Roy Keane had little sympathy for the Football Association of Ireland's campaign to have their controversial World Cup play-off against France replayed and said: "What goes around comes around."
The Ipswich manager's relationship with the FAI broke down following his walk-out from the Republic of Ireland training camp prior to the 2002 World Cup.
And he dismissed their calls for "the honesty and integrity" of the sport to be protected in the wake of Thierry Henry's handball which led to France's winner in Paris on Wednesday night.
He told a press conference broadcast by Sky Sports News: "I think the supporters deserve better, the manager (Giovanni Trapattoni) deserves better and probably most of the players deserve better, but I'm not sure the FAI deserve better.
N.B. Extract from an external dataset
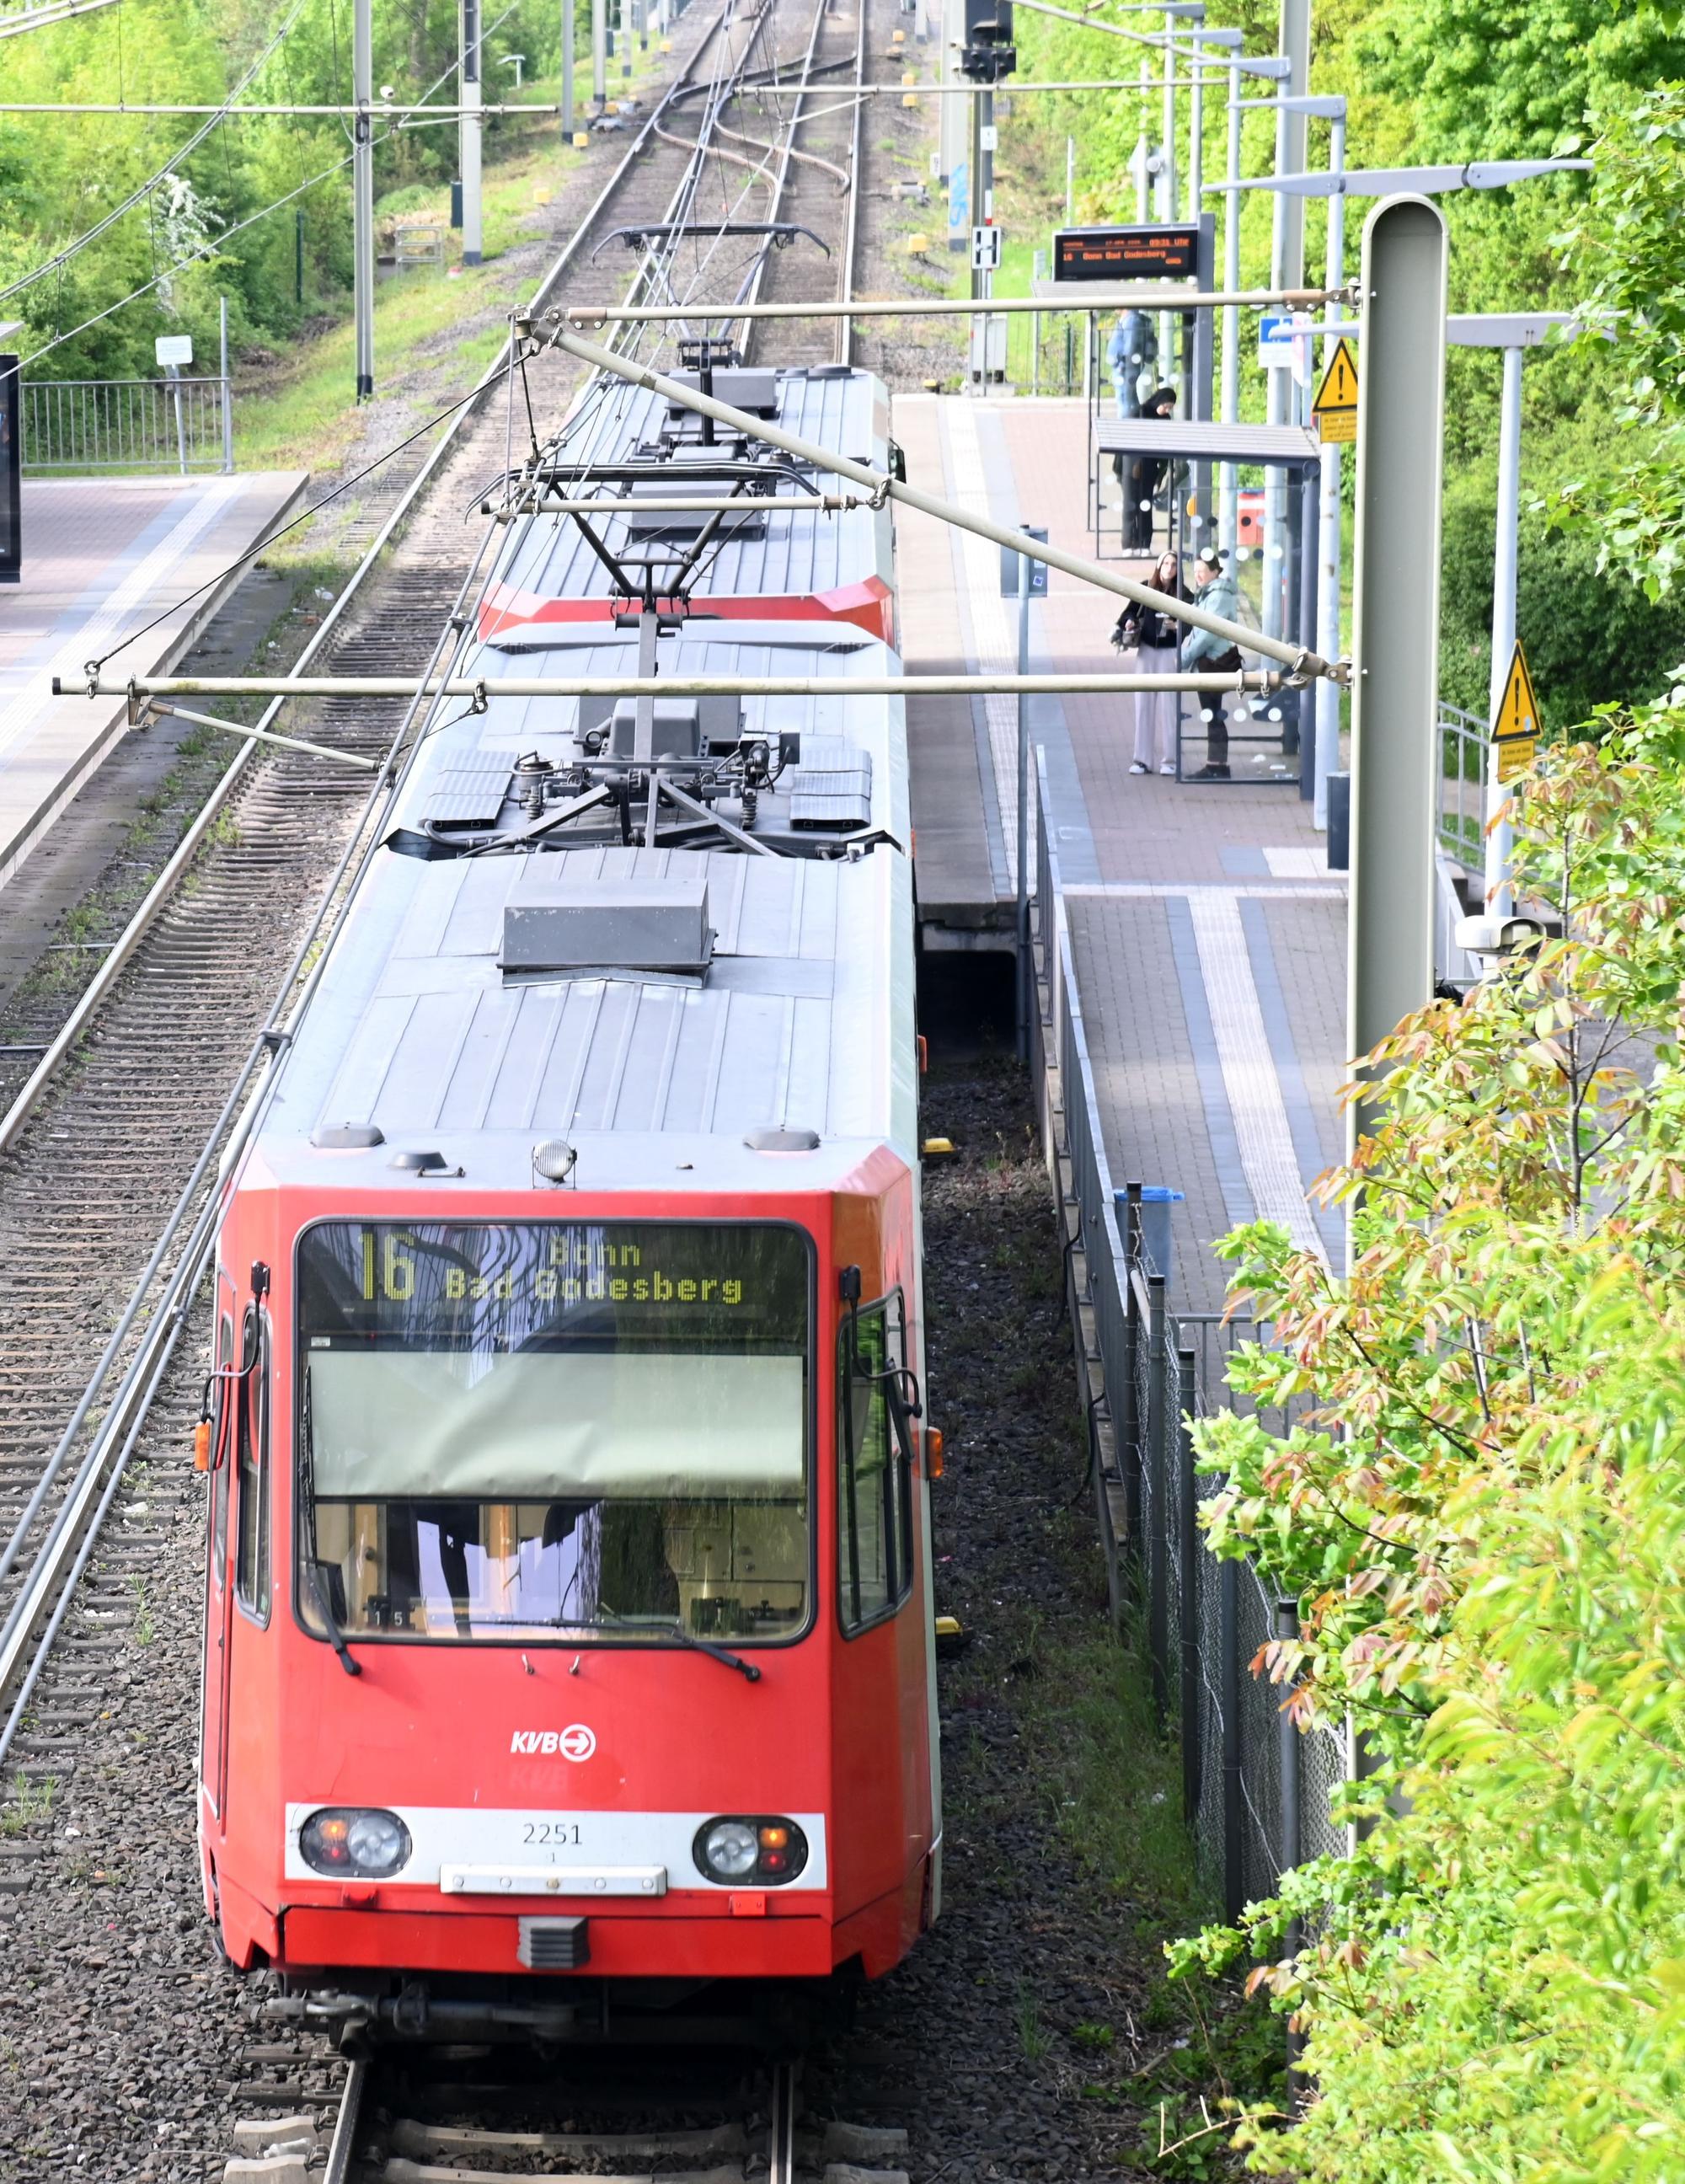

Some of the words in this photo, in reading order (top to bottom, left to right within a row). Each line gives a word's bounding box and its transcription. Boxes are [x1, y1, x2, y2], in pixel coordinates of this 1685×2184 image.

"What goes around comes around."
Keane pointed out that controversial decisions also went Ireland's way in the qualifying campaign, not least a harsh penalty award against Georgia which helped them to claim a 2-1 qualifying win in February.
He added: "Ireland had their chances in the two games (against France), and they never took them. But it's the usual FAI reaction - 'we've been robbed, the honesty of the game...'
"There was one match against Georgia where Ireland got a penalty and it was one of the worst decisions I've ever seen which changed the whole course of the game.
"I don't remember the FAI after the game saying we should give them a replay."
Talking specifically about France's winner, Keane laid the blame on Ireland's defence rather than Henry, who handled the ball before crossing for William Gallas to head in.
"I'd focus on why they didn't clear it," he said.
"I'd be more annoyed with my defenders and my goalkeeper than Thierry Henry. How can you let the ball bounce in your six-yard box? How can you let Thierry Henry get goal-side of you?
"If the ball goes into the six-yard box, where the hell is my goalkeeper?"
Keane's antipathy towards the FAI stems back to the Pacific island of Saipan seven years ago when he left the team's pre-World Cup training camp, complaining that the facilities were sub-standard.
"People seem to forget what was going on in that World Cup, and that man (FAI chief executive John Delaney) is on about honesty. I was one of the players and he didn't have the courtesy to ring me," he said.
"I'd been involved with Ireland since I was 15 years of age and that man didn't have the decency to make a phone call. He could have phoned me, of course he could have."